I know a kid who grew up in the projects and was raised by a single, illiterate parent. He had nothing to lose and nothing much to gain because at that time, resources were tight. But he found the love for spending time in libraries to get ahead. This kid grew up, mustered all his determination and courage to make his first million at 22, and became a multimillionaire by 24.

I am that kid in the library, the same guy who made millions in his early twenties. Let me share some bits and pieces of advice on how to get rich at a young age, drawing from my personal experiences.

1. Believe in yourself

First one on how to get rich at a young age is to believe in yourself.

Before investing in businesses and other things, you need to invest in yourself first. A study published by BBVA research found that confidence affects financial behavior and success. According to this study, individuals with higher confidence levels score higher on tests for financial literacy.

To build a stable financial status, you have to believe in yourself that you can, and you are able. I know it could be challenging, especially if you come from a financially challenged family background, but it doesn’t matter as long as you are motivated to work on it and work on yourself. It doesn’t matter. You have to focus on what you can do and what you can monetize from your skills. 

In business and your personal life, self-confidence is the first step in taking massive action. You need to believe in yourself – in your abilities, skills, and passions – to leap into entrepreneurship or any other aspiration. In asking, “why is it important to believe in yourself?” The answer is easy: confidence is the anchor of exceptional leadership. It lets you manage and inspire others with assurance and direction. Learning to believe in yourself is critical to creating the life you desire.  
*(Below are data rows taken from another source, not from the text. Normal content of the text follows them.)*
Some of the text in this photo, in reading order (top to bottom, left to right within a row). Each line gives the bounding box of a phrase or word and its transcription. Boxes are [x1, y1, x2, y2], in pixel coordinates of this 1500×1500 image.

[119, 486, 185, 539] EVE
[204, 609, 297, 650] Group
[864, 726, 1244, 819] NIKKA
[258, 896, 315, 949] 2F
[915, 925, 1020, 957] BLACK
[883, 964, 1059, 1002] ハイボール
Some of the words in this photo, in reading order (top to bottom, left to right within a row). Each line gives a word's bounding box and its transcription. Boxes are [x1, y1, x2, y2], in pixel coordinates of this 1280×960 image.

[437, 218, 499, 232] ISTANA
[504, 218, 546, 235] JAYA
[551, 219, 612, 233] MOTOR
2. Pay yourself first by saving.

Did you know that according to the 2021 survey by Bankrate, more than half, 51%, of Americans have less than three months’ worth of emergency savings?

When your salary comes, pay yourself by putting aside some of your income for personal savings to have something aside for any investment or emergency you may have. The purpose of paying yourself first is to build up a nest to secure your future and create a safety net for a financial crisis such as your car breaking down or unexpected medical expenses. Without savings, many people report experiencing a large amount of stress.
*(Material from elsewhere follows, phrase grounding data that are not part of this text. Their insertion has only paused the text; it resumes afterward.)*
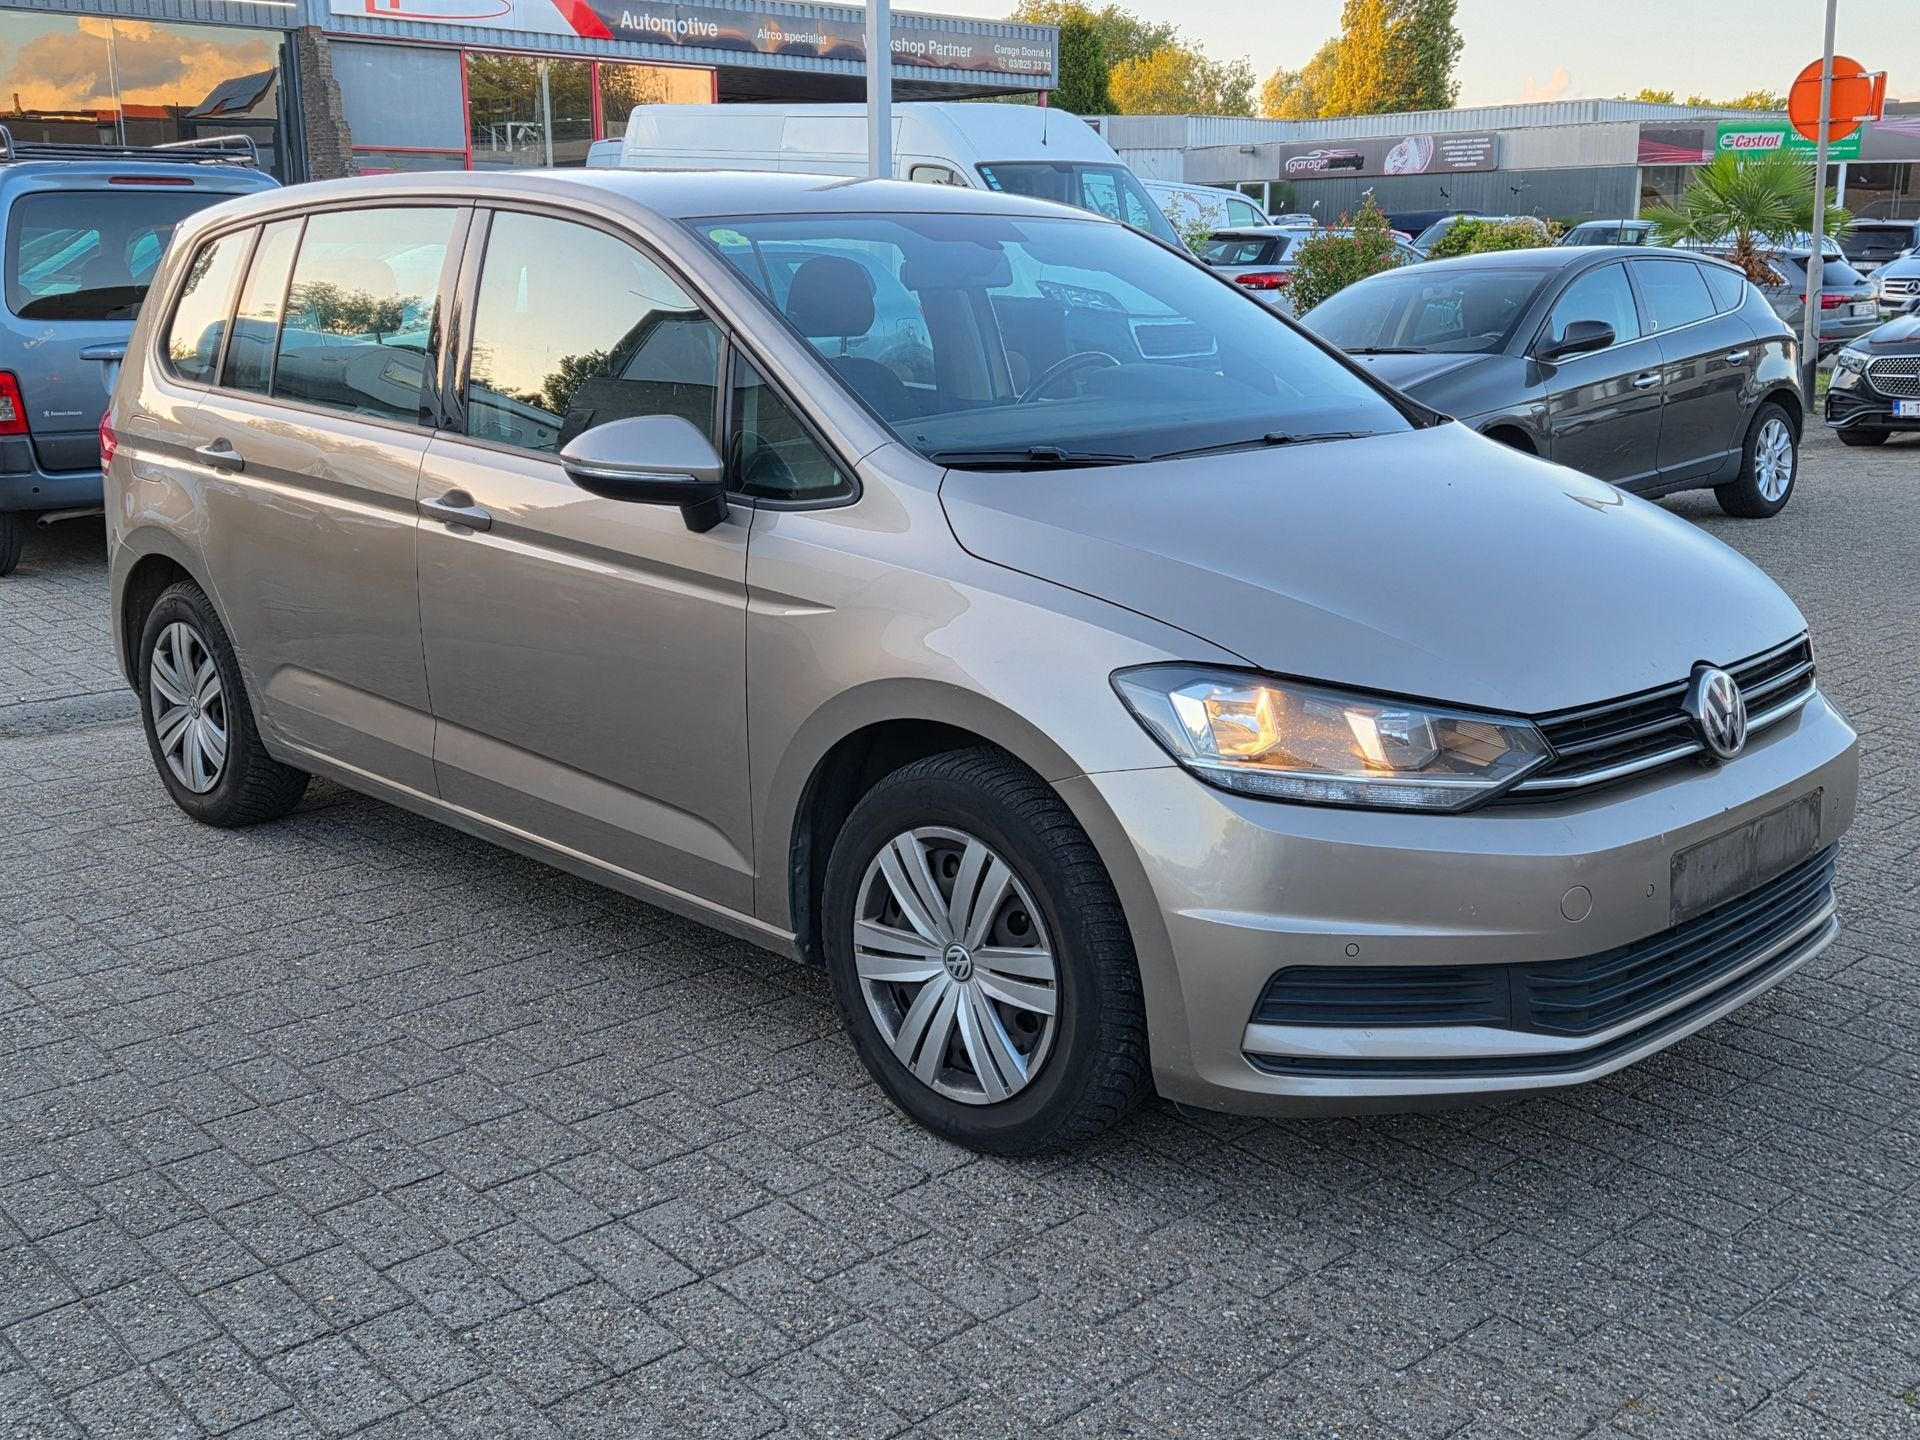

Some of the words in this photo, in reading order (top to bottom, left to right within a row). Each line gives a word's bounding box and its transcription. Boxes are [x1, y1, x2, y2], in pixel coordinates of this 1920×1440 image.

[620, 10, 718, 36] Automotive
[757, 28, 782, 40] Airco
[784, 32, 827, 46] specialist
[929, 40, 973, 57] Partner
[994, 44, 1020, 57] Garage
[1021, 47, 1045, 57] Donné
[1008, 58, 1032, 69] 03/825
[1033, 61, 1042, 70] 33
[1735, 135, 1780, 148] Castrol
[1289, 159, 1328, 173] garage
Knowing that you have accumulated a certain amount for times of need gives you peace of mind. You can lead a stress-free life knowing that you will not have to struggle if things take an unexpected route. By saving now on the side, you can buy a house, accumulate funds for your retirement, or purchase a vehicle. You can secure your future, your child’s education, indulge in the best things that life offers, and live a very fulfilling life. Having money eliminates almost half of the problems that you can encounter lifelong. 

3. Allocate your income

What do you usually do when your salary gets credited to your bank on your payday? Do you hit the bar at once and throw your money on alcohol? Or do you go straight to the department store to check out that purse you’ve been eyeing for a long time? That is a common mistake people have been making from time to time. If you don’t budget your money wisely, it will take a toll on your future. It would help if you don’t spend BEFORE saving; instead, you only spend AFTER saving. 

The 50-30-20 rule is the best money advice that I ever got to cure this bad habit, and it’s from a book titled “All Your Worth” by Elizabeth Warren and Amelia Warren Tyagi. The 50-30-20 rule works like this:

  • 50% of your income goes to things you must have/need to spend on (rent, electricity, food, taxes).
  • 30% goes to something you want to buy (that new iPhone, eating out, relaxing, and watching a movie).
  • 20% goes to savings (bank savings, insurance, college funds, you name it). 
The best part of the 50-30-20 rule acknowledges that money is for spending. It teaches you not to spend too much on things you wanted but didn’t need. It allows you to save a reasonable portion of 20% and not be a killjoy since you can see that the 30% in the middle is meant for the things that you want. You can use it by overeating your favorite steak, buying that purse you’ve always wanted, or getting that car accessory you’ve always looked for. But if you overspend, this will eat up the 20% that should have been going to savings – and your future. That is why allocate the 20% first, then spend only what is left after saving.

4. Leverage your investments

Now that you know the 50-30-20 rule let’s talk about how you can leverage your savings and investment. What do you plan to do with the remaining 20%? Have you already booked an out-of-town trip to Hawaii with the mindset that you need this ‘treat yourself’ idea?

According to Gallup, since 2009, only about 55 to 56% of Americans own stock investments. This is only a modest amount considering it’s already 2023, and it hasn’t increased.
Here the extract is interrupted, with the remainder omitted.